◆ DESCRIPTION OF THE TASK: Copy the records below in full, keeping each word as it is but omitting the pictures.

◆ DATA PROVIDED:
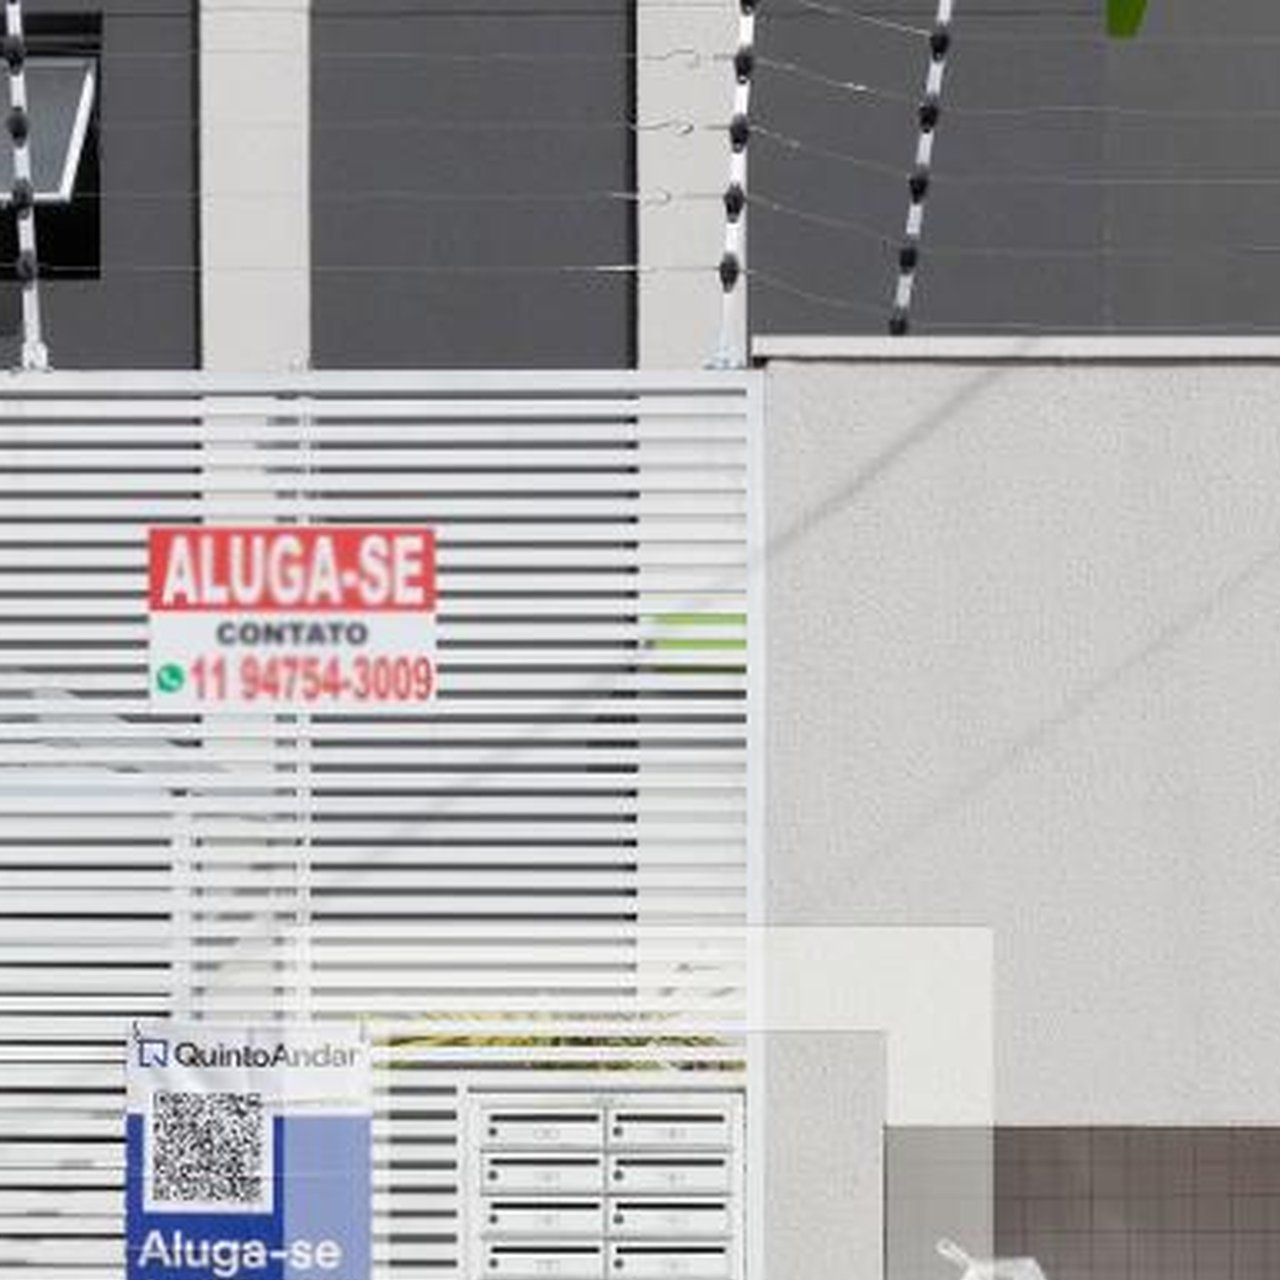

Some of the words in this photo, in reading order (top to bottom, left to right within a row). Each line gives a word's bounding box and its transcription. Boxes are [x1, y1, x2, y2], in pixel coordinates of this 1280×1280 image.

[161, 533, 425, 606] ALUGA-SE
[216, 621, 369, 647] CONTATO
[189, 655, 227, 700] 11
[240, 655, 433, 700] 94754-3009
[173, 1041, 358, 1069] QuintoAndar
[137, 1229, 342, 1277] Aluga-se
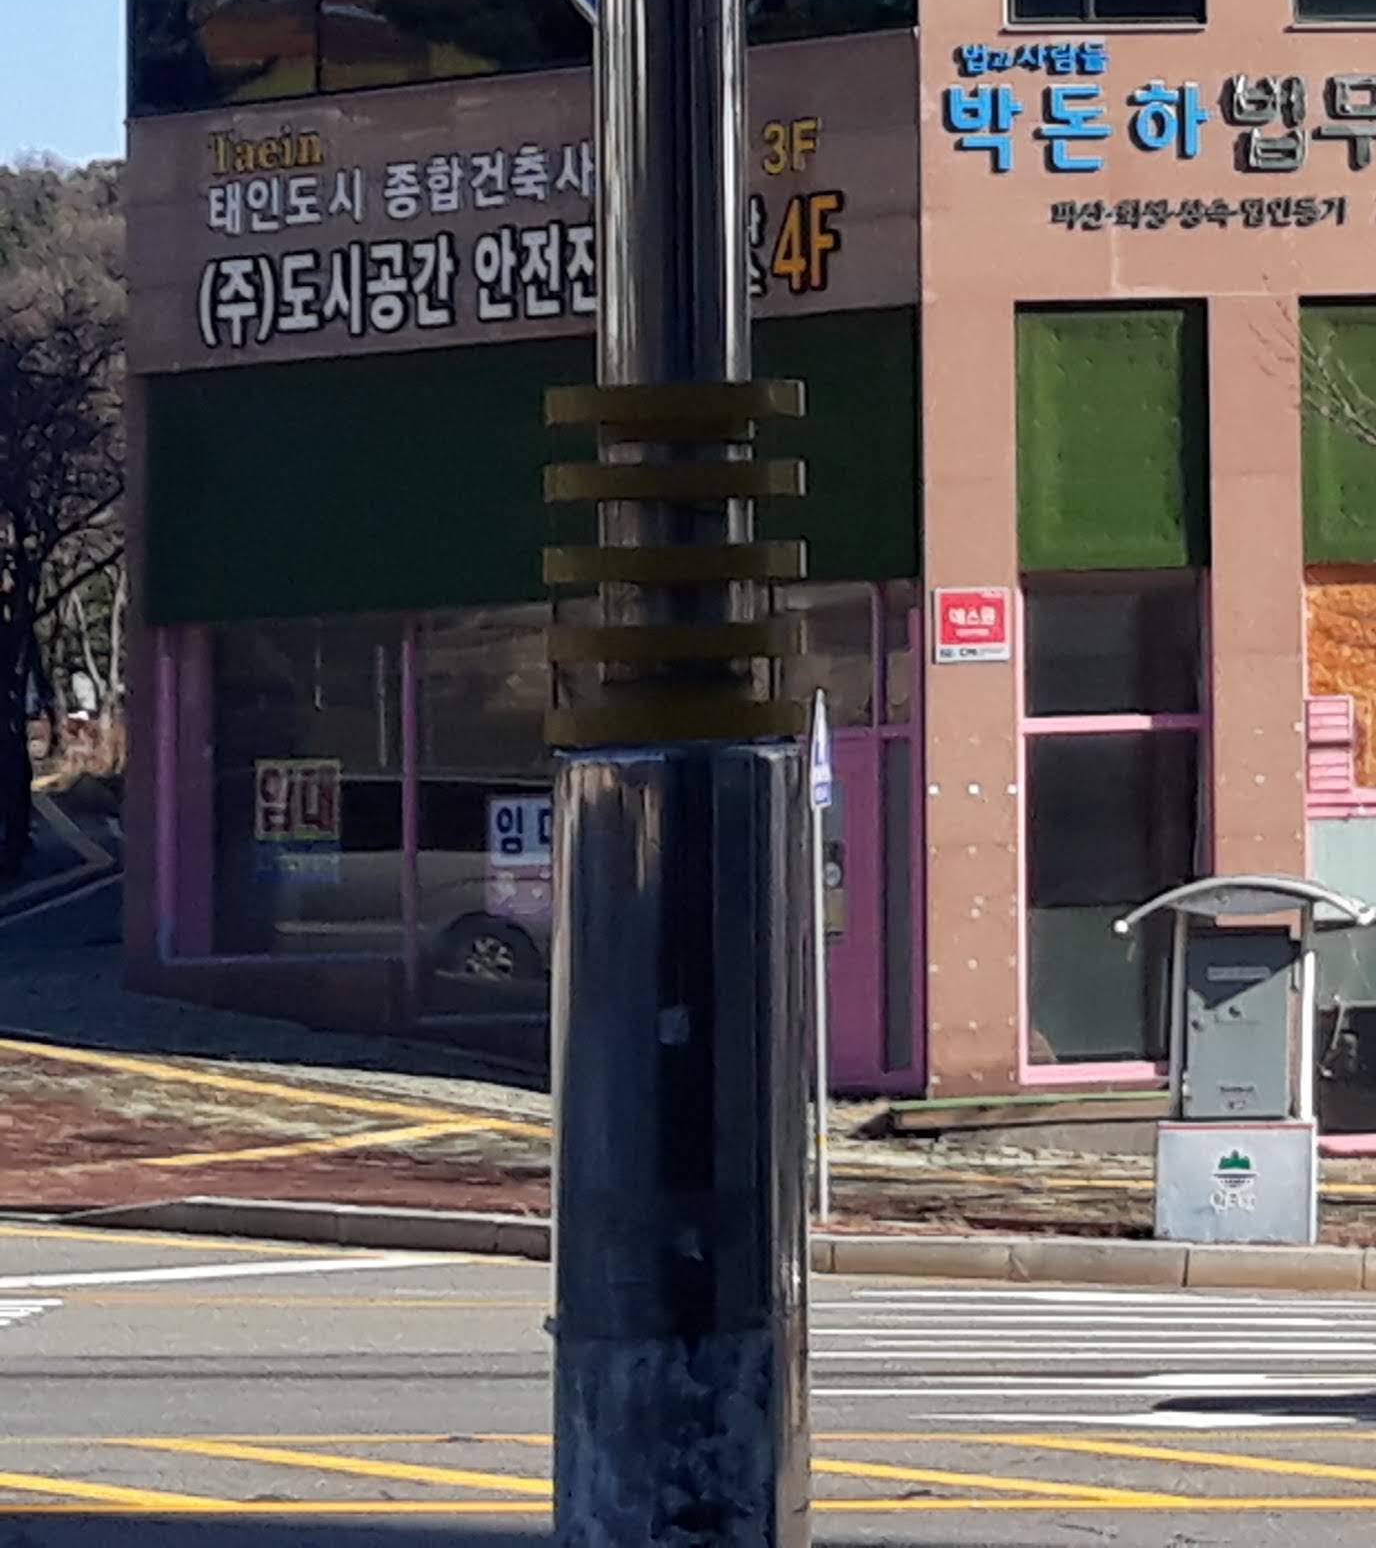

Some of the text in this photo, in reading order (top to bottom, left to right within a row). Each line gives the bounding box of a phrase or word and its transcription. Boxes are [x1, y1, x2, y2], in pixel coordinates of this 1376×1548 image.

[763, 117, 821, 175] 3F
[945, 79, 1212, 173] 박돈하
[206, 166, 365, 235] 태인도시
[197, 230, 454, 347] (주)도시공간
[771, 190, 843, 293] 4F
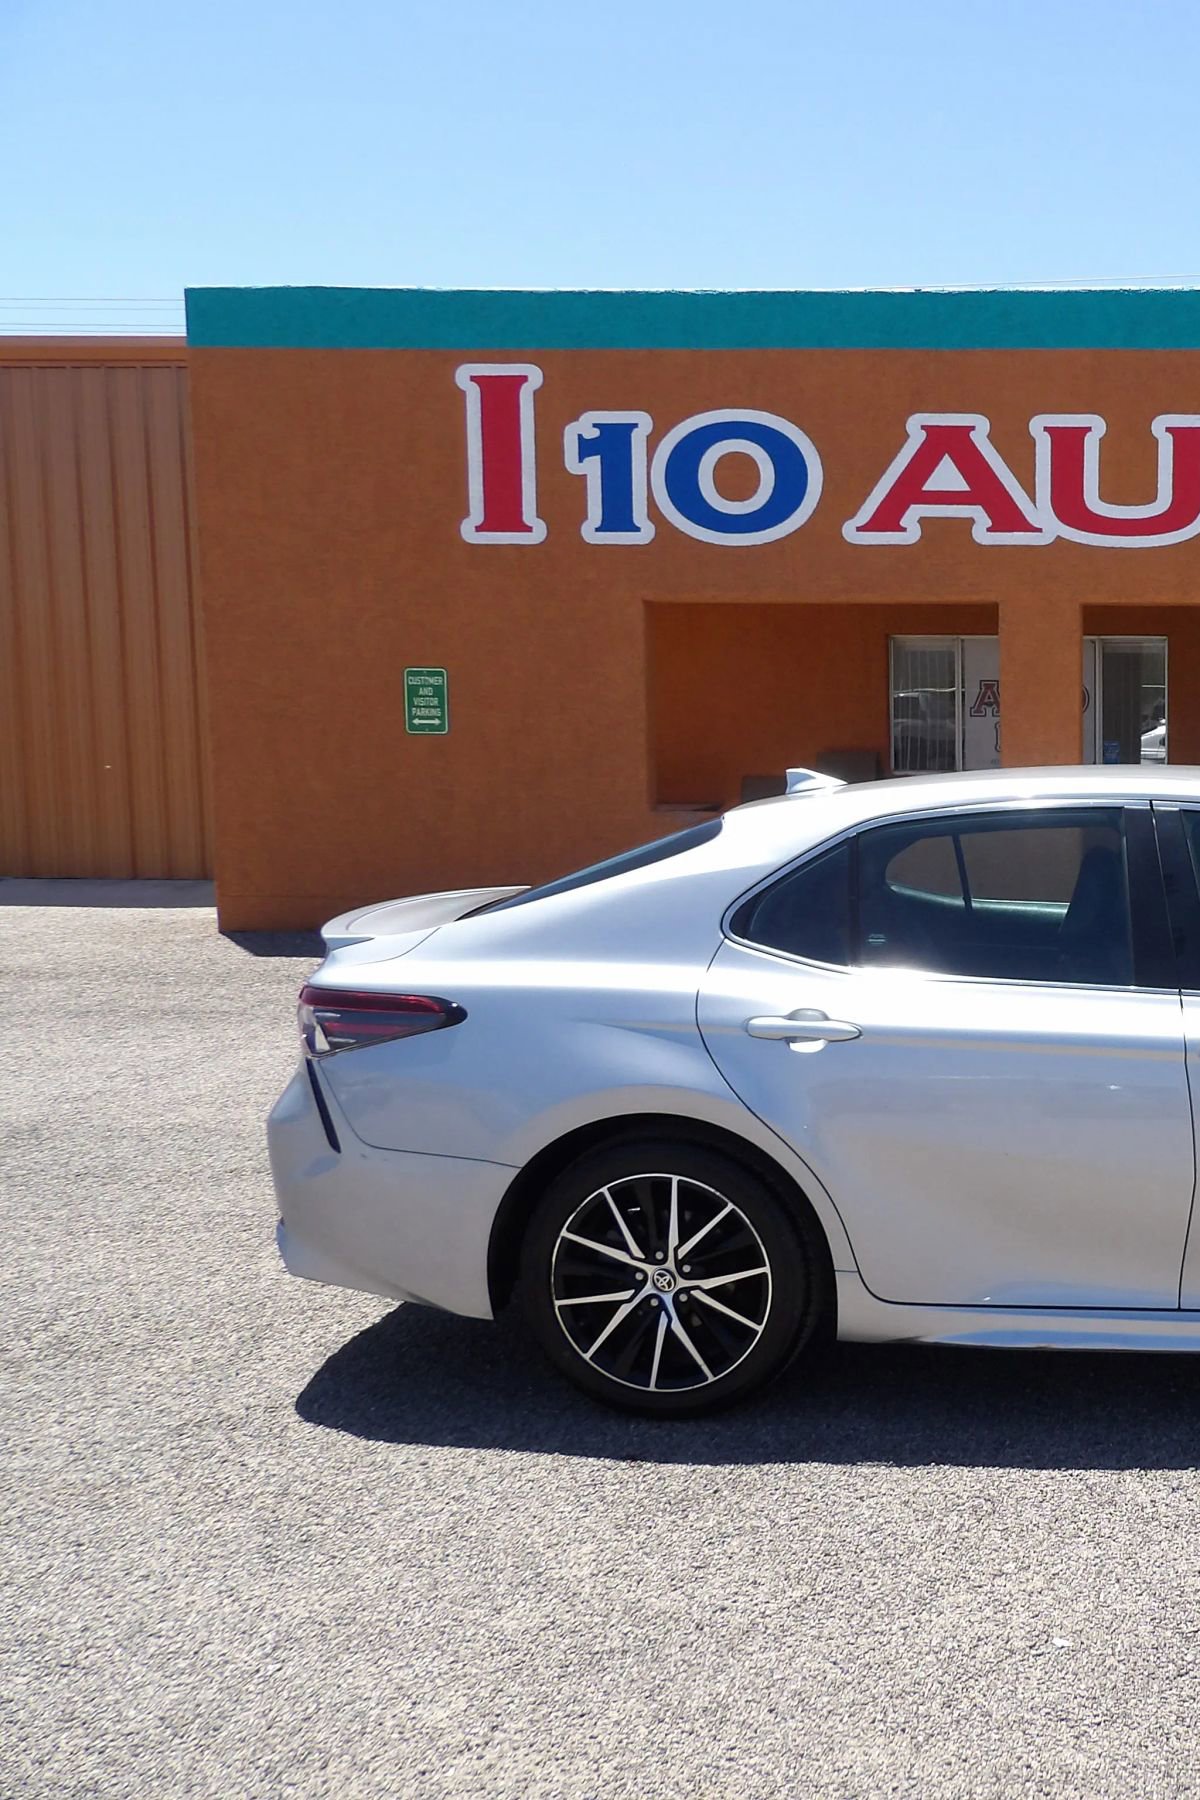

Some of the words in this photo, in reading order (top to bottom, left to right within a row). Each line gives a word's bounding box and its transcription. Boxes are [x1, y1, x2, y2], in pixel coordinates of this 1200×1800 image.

[408, 676, 443, 686] CUSTOMER
[419, 687, 434, 696] AND
[413, 697, 439, 706] VISITOR
[411, 707, 442, 717] PARKING

◆ FINISHED TASK:
Some of the words in this photo, in reading order (top to bottom, left to right within a row). Each line gives a word's bounding box and its transcription. Boxes are [x1, y1, x2, y2], in pixel coordinates of this 1280×1280 image.

[161, 533, 425, 606] ALUGA-SE
[216, 621, 369, 647] CONTATO
[189, 655, 227, 700] 11
[240, 655, 433, 700] 94754-3009
[173, 1041, 358, 1069] QuintoAndar
[137, 1229, 342, 1277] Aluga-se

Some of the text in this photo, in reading order (top to bottom, left to right within a row). Each line gives the bounding box of a phrase or word and its transcription. Boxes are [x1, y1, x2, y2], in pixel coordinates of this 1376×1548 image.

[763, 117, 821, 175] 3F
[945, 79, 1212, 173] 박돈하
[206, 166, 365, 235] 태인도시
[197, 230, 454, 347] (주)도시공간
[771, 190, 843, 293] 4F

Some of the words in this photo, in reading order (top to bottom, left to right within a row). Each line gives a word's bounding box and its transcription. Boxes are [x1, y1, x2, y2], in pixel coordinates of this 1200×1800 image.

[408, 676, 443, 686] CUSTOMER
[419, 687, 434, 696] AND
[413, 697, 439, 706] VISITOR
[411, 707, 442, 717] PARKING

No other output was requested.